Reports Note That Banks Are Implementing, VCs Are Funding Blockchain

By Paula Bernier September 12, 2016

Bitcoin and blockchain technology companies attracted $290 million in venture capital funding in the first half of 2016, according to a study from Juniper Research.

Those dollars went to 30 companies, Juniper Research indicates. Social payment provider Circle, sidechain developer Blockstream, and distributed ledger solutions provider Digital Asset Holdings were the key benefactors of those investments, garnering a third of the money, the study says.

Juniper Research in this report discusses the diversification of blockchain deployments, saying they range from applications like asset management to identity.

The report, called The Future of Blockchain: Bitcoin, Remittance, ID Verification & Smart Contracts 2016-2021, also talks about the embrace of blockchain by banks, some of which it says have adopted Ripple and other protocols. (However, a Financial Times posting today says although banks are rushing to adopt blockchain, it is a significant challenge for them to implement due to the big changes in process and culture it entails.)

Juniper Research also suggests that using blockchain-based systems can reduce the risk of error and time to check for errors in such applications as transaction settlements, and that it could enable new, lower cost players to enter the cross-border remittance arena.

However, on the down side, Juniper Research says blockchain-based smart contracts infected with bugs or with other flaws are visible to all users of that blockchain.
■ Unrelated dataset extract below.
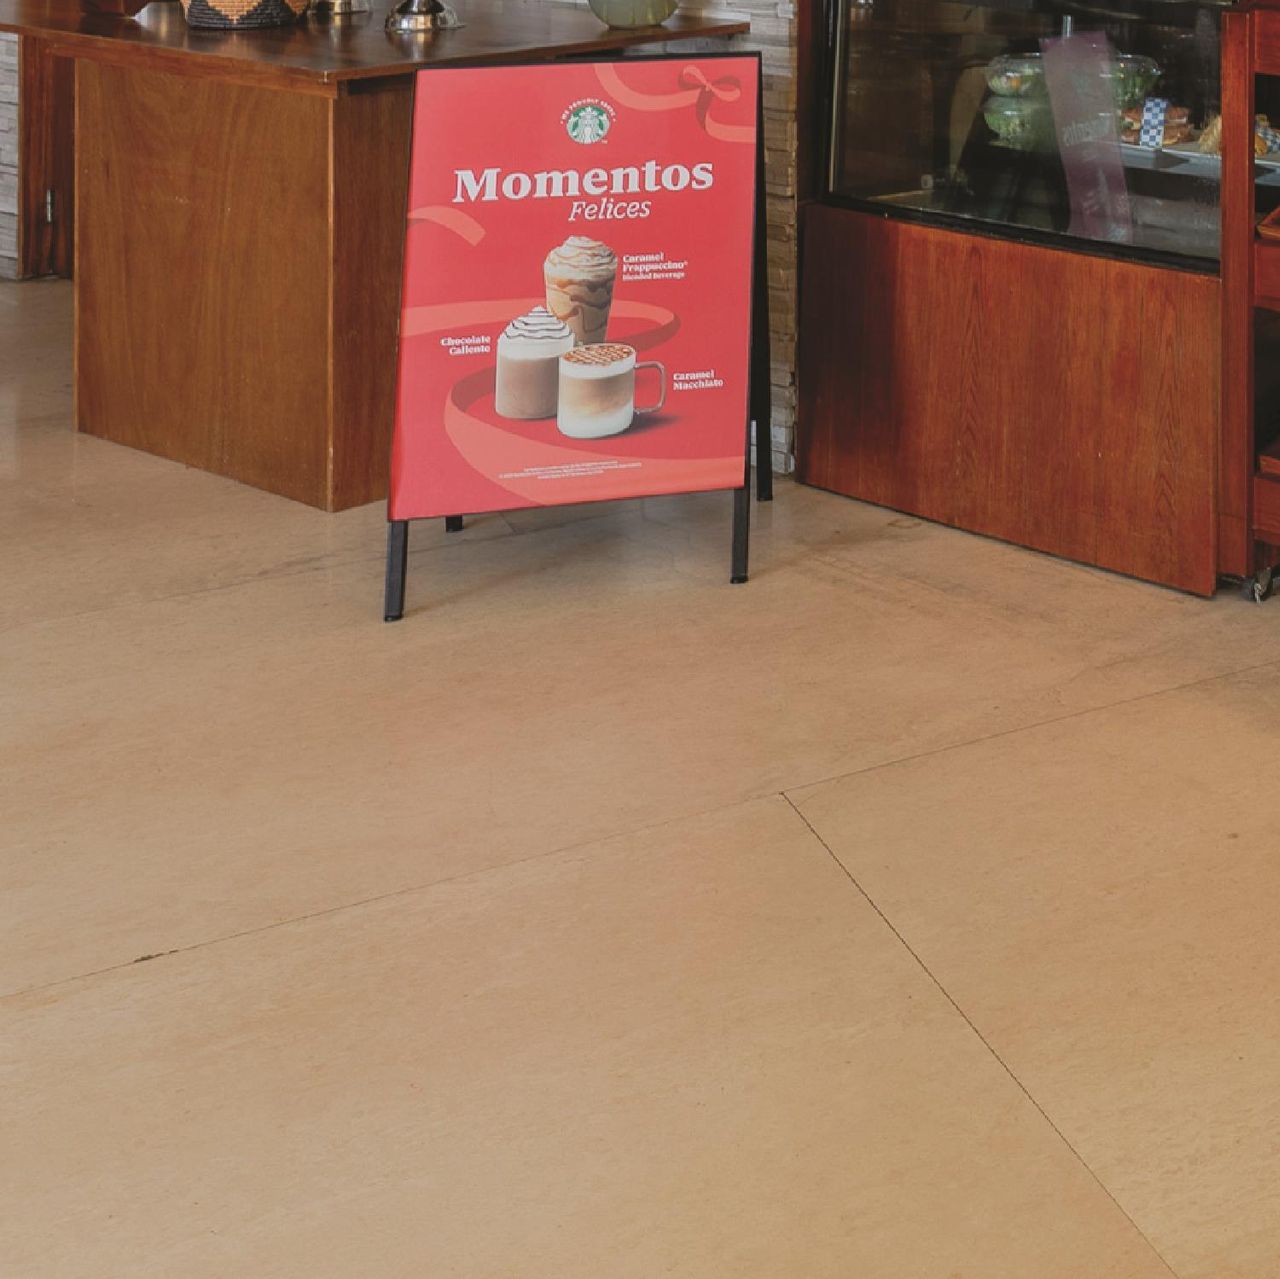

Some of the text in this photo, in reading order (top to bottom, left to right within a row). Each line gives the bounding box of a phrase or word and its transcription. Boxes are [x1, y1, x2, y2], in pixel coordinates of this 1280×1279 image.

In fact, the research firm pointed to a recent flaw on the Decentralised Autonomous Organisation network, which it said was exploited by a third party and led to misappropriation of nearly $80 million in cryptocurrency.

“While blockchain technology offers the potential for increased speed, transparency and security across an array of verticals,” says Windsor Holden, who wrote the report, “there has to be rigorous and robust road testing in each unique use case before any decision is taken.”